Here’s the thing: we actually live in walking distance of our town’s animal shelter. This is a fact I have closely guarded from Mabel for several years now; all the more so since she learned to read and might some day notice it on the sign as we drove past. (If ever I need to drive up that way I usually accelerate wildly or try to point at something on the other side of the road.) She knows there is an animal shelter in town somewhere, and in the past we’ve vaguely discussed going to see the dogs and cats or whatever they have, but I’ve never gone through with it.
This morning I looked at their website, and oddly enough one of the few times they’re open to the public is Wednesday afternoons. The stars, apparently, were aligning. Four o’clock came and I’d done everything else I needed to do. The kids were fighting and I wanted to introduce a distraction. “Mabel, let’s go to the animal shelter,” I said, rashly. “We can walk there.”

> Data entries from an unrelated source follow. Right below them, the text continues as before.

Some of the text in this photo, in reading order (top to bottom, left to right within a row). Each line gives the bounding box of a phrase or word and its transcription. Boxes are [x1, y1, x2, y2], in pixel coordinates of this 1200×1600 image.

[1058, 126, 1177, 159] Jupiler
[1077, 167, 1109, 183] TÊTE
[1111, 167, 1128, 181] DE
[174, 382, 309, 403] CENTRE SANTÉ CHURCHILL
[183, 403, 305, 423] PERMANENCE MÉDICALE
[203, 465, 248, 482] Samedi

Dash didn’t even want to come. See, no commitment. Fair-weather pet-wanter, that one.
The other reason I’d always resisted a trip to the animal shelter was because I was afraid I’d fall in love with a kitten and our no-pets stance would crumble where it stood. Cats, I can do. We got a kitten when I was ten – a skittish farm kitten that never really warmed to people much, but I loved her. I know how a cat belongs in a house.
So Mabel and I trotted down the hill and round the corner in the sultry afternoon heat and humidity to the animal shelter, where, I was careful to note beforehand, we would ONLY LOOK. There would be no choosing and bringing home of any animals. Not today, anyway.
People, they have ROOMS OF KITTENS at the animal shelter. Really. Two rooms of kittens and one of grown-up cats. There must have been a kittensplosion recently, because the first room had two big cages with six tiny tabbies in one and five tiny grey fuzzballs in the other, all squeaking and scrambling up on each other’s heads in an effort to be first to be petted. Plus sundry other cats of various ages in other cages. The second room had six marginally less tiny kittens roaming free and sleeping in a pile, who were not nearly as grumpy as I would have been when we woke them up to see if they wanted to play. The third room had some very friendly and well-fed elder statesmen of cats who were also happy to be petted. We had to do each room twice, Mabel insisted, first to say hello and then to say goodbye.
And of course she fell in love with a grey-and-white fuzzball, and I found myself quite taken with an elegant pale tabby kitten, and our walk home was filled with her exhortations that I should talk to Daddy very seriously about getting one. Or two. And I was … not unswayed, shall we say.
Dammit, I knew I should have stayed away. But on the plus side, she’s stopped talking about guinea pigs.